Il musicista che incantò i tedeschi ed ebbe salva la vita è morto a 89 anni, i funerali oggi alle 16 a San Giustino
CHIETI. Se ne è andato un altro pezzo importante della storia di Chieti: è stato questo il commento unanime alla dolorosa notizia della morte di Antonio Di Leonardo. Aveva 89 anni, lascia la moglie, Antonietta, i figli Giampiero, Luciano e Annalisa, gli amatissimi nipoti Antonio, Simone, Silvia, Federica ed Alessandro, nuore, genero, sorelle e altri parenti ai quali tutti va il più sentito cordoglio. I funerali si terranno oggi alle 16, nella cattedrale di San Giustino. Antonio è morto la notte scorsa, in ospedale, vittima di un male fulminante.
A lui avevo dedicato l'omaggio che tocca a chi ha dato lustro a questa città, inserendolo tra i protagonisti della teatinità. Avevo scritto del suo amore per la musica, «stella cometa che ha guidato la mia esistenza», come egli stesso mi aveva detto, della sua grandissima perizia nel costruire fisarmoniche e in particolare il du botte della nostra antica tradizione, della sua capacità imprenditoriale raccontata dai figli Giampiero e Luciano in un bellissimo cd dedicato alla nascita della Città della Musica, oggi punto di riferimento di tutti coloro che amano e fanno musica.

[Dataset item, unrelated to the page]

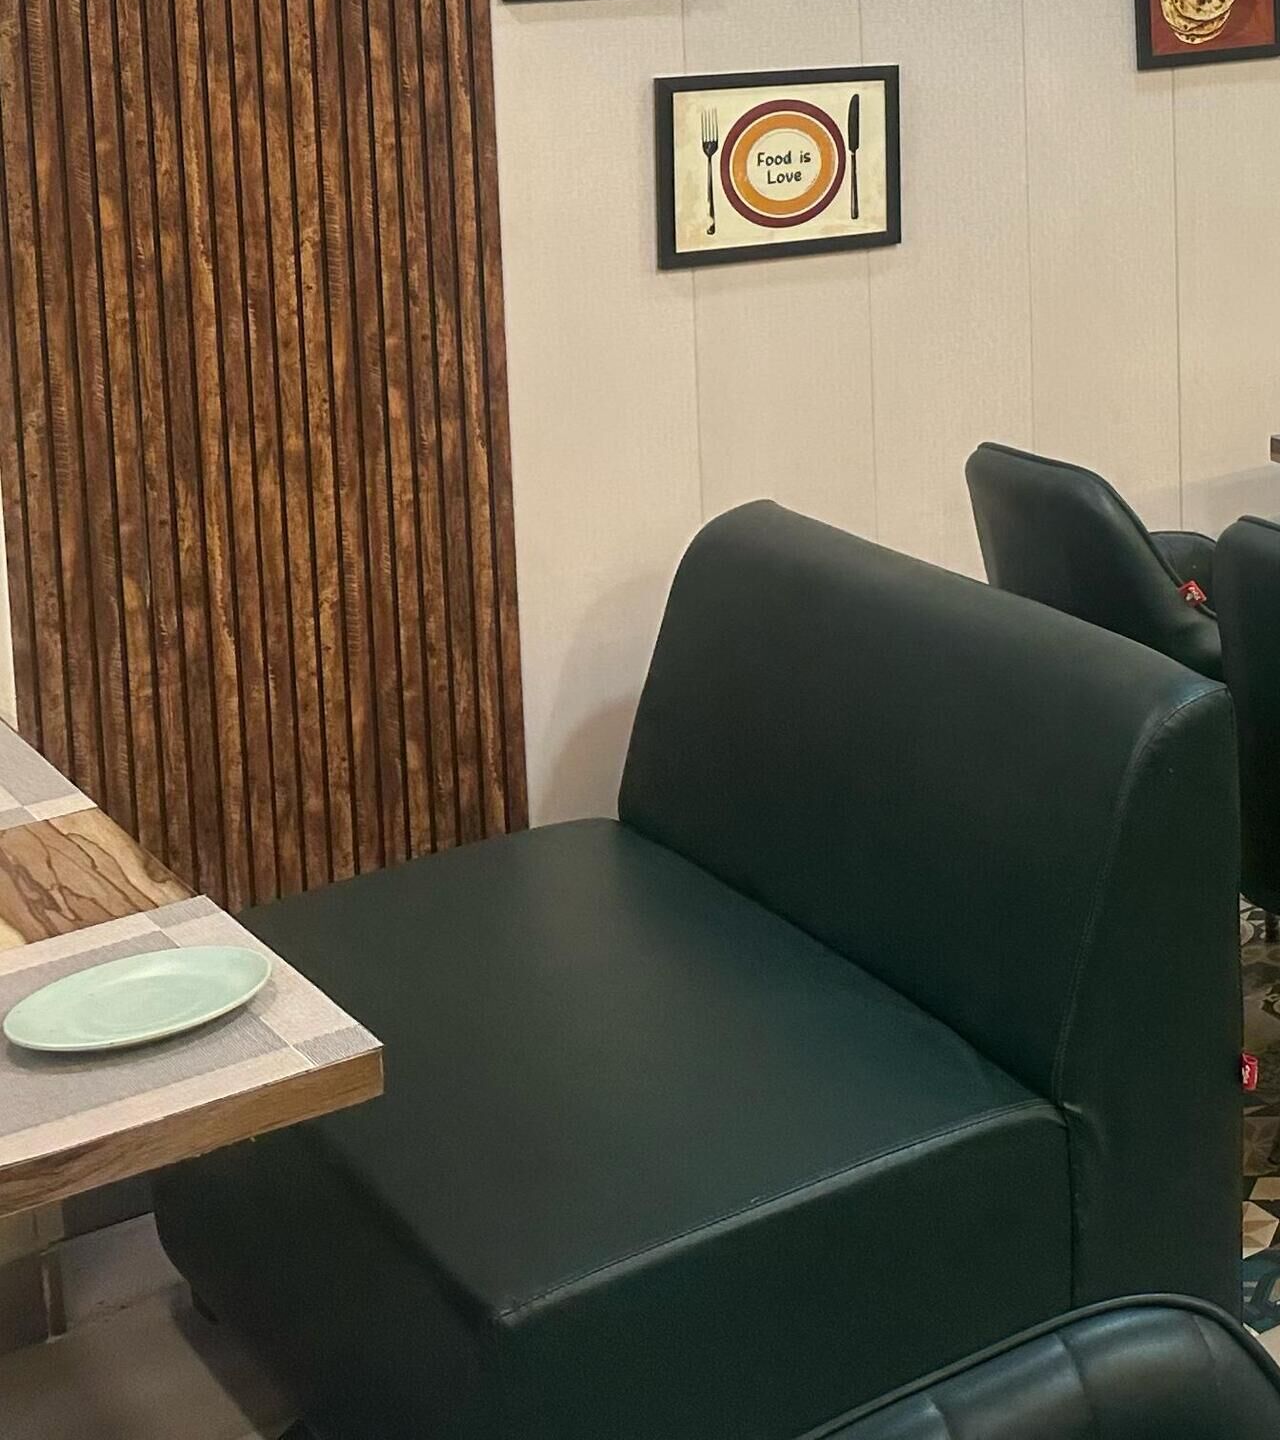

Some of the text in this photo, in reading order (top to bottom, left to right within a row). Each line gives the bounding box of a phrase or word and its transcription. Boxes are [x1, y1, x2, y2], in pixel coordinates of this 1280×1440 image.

[757, 150, 812, 167] Food is
[767, 170, 802, 185] Love

Era rimasto contento ed anche commosso per quell'articolo, che parlava del suo passato, del laboratorio dove aveva ripreso e continuato una tradizione familiare che va oltre il secolo e mezzo e dove aveva costruito con rara maestria fisarmoniche di ogni tipo, della sua sfida al futuro con una struttura di ben mille metri quadrati. Mi aveva raccontato di ciò che era stato ma portava anche pieno orgoglio per il presente che era riuscito a costruire.«Devo ringraziare la musica per la vita che ho avuto», mi disse anche, ma è il mondo musicale che deve moltissimo a lui, per quello che ha dato fino all'ultimo, non solo costruendo e riparando strumenti, ma continuando a suonare.
Un grande maestro, capace di trarre da quegli strumenti stupendi suoni come può fare solo chi conosce la musica in tutti i suoi aspetti, cioè da quando uno strumento viene generato al momento in cui diventa fonte di note e melodie. Una vita straordinaria, segnata da tanti eccezionali momenti, come quello vissuto ai tempi tragici della guerra quando, prelevato dai tedeschi per essere deportato in Germania e trasferito al centro di raccolta di Ripa Teatina, ebbe a disposizione una fisarmonica. Cominciò a suonarla e i responsabili del campo decisero di trattenerlo perché con la sua musica intrattenesse ufficiali e truppa. Una vita come un romanzo, con una lunga parentesi vissuta anche all'estero, in Canadà. Li visse esperienze che arricchirono le sue capacità sia tecniche che musicali e che gli permisero di primeggiare ovunque ha portato la sua fisarmonica e la sua capacità di interprete della musica. Infatti nel periodo passato in Canadà apprese anche l'arte di riparare i pianoforti, arte che ha a lungo esercitato in favore del Teatro Marrucino, allora gestito da Mario Zuccarini.
Il ricordo più bello di Antonio che mi sento di offrire in questa triste circostanza della persona che ho conosciuto è la sua grande disponibilità verso tutti, pronto in ogni momento a dispensare il dono di un momento di musica. Parlava spesso di voler creare eventi con i suoi vecchi compagni per suonare insieme, aprendosi anche ai giovani, come un “maestro” deve sempre fare, era il suo credo. Addio, caro maestro Antonio, per le tue note, sono certo, ci sarà posto anche in cielo.